Escherichia coli expresses two DNA repair methyltransferases (MTases) that repair the mutagenic O6-methylguanine (O6MeG) and O4-methylthymine (O4MeT) DNA lesions; one is the product of the inducible ada gene, and here we confirm that the other is the product of the constitutive ogt gene. We have generated various ogt disruption mutants. Double mutants (ada ogt) do not express any O6MeG/O4MeT DNA MTases, indicating that Ada and Ogt are probably the only two O6MeG/O4MeT DNA MTases in E. coli. ogt mutants were more sensitive to alkylation-induced mutation, and mutants arose linearly with dose, unlike ogt+ cells, which had a threshold dose below which no mutants accumulated; this ogt(+)-dependent threshold was seen in both ada+ and ada strains. ogt mutants were also more sensitive to alkylation-induced killing (in an ada background), and overexpression of the Ogt MTase from a plasmid provided ada, but not ada+, cells with increased resistance to killing by alkylating agents.
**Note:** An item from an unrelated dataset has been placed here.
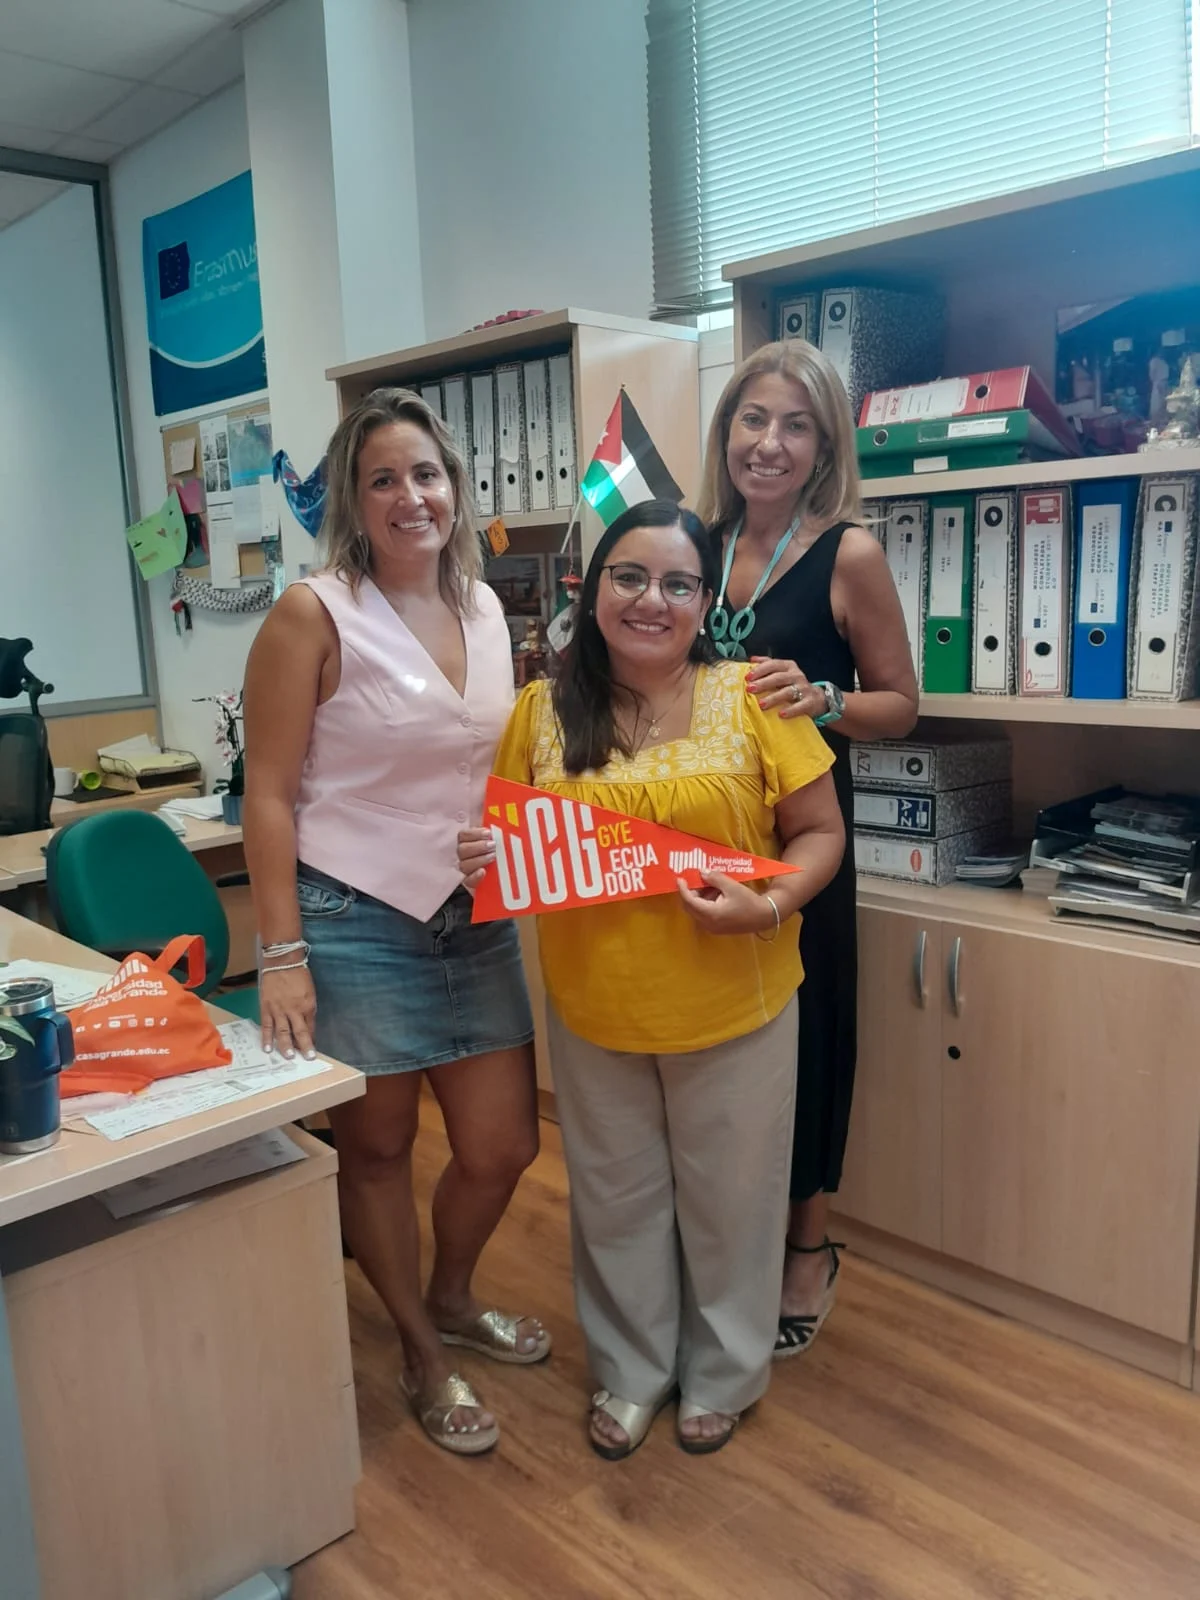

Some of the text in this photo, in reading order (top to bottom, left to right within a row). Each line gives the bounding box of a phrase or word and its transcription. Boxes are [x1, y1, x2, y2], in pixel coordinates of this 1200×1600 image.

The induction of the adaptive response was normal in ogt mutants. We infer from these results that the Ogt MTase prevents mutagenesis by low levels of alkylating agents and that, in ada cells, the Ogt MTase also protects cells from killing by alkylating agents. We also found that ada ogt E. coli had a higher rate of spontaneous mutation than wild-type, ada, and ogt cells and that this increased mutation occurred in nondividing cells. We infer that there is an endogenous source of O6MeG or O4MeT DNA damage in E. coli that is prevalent in nondividing cells.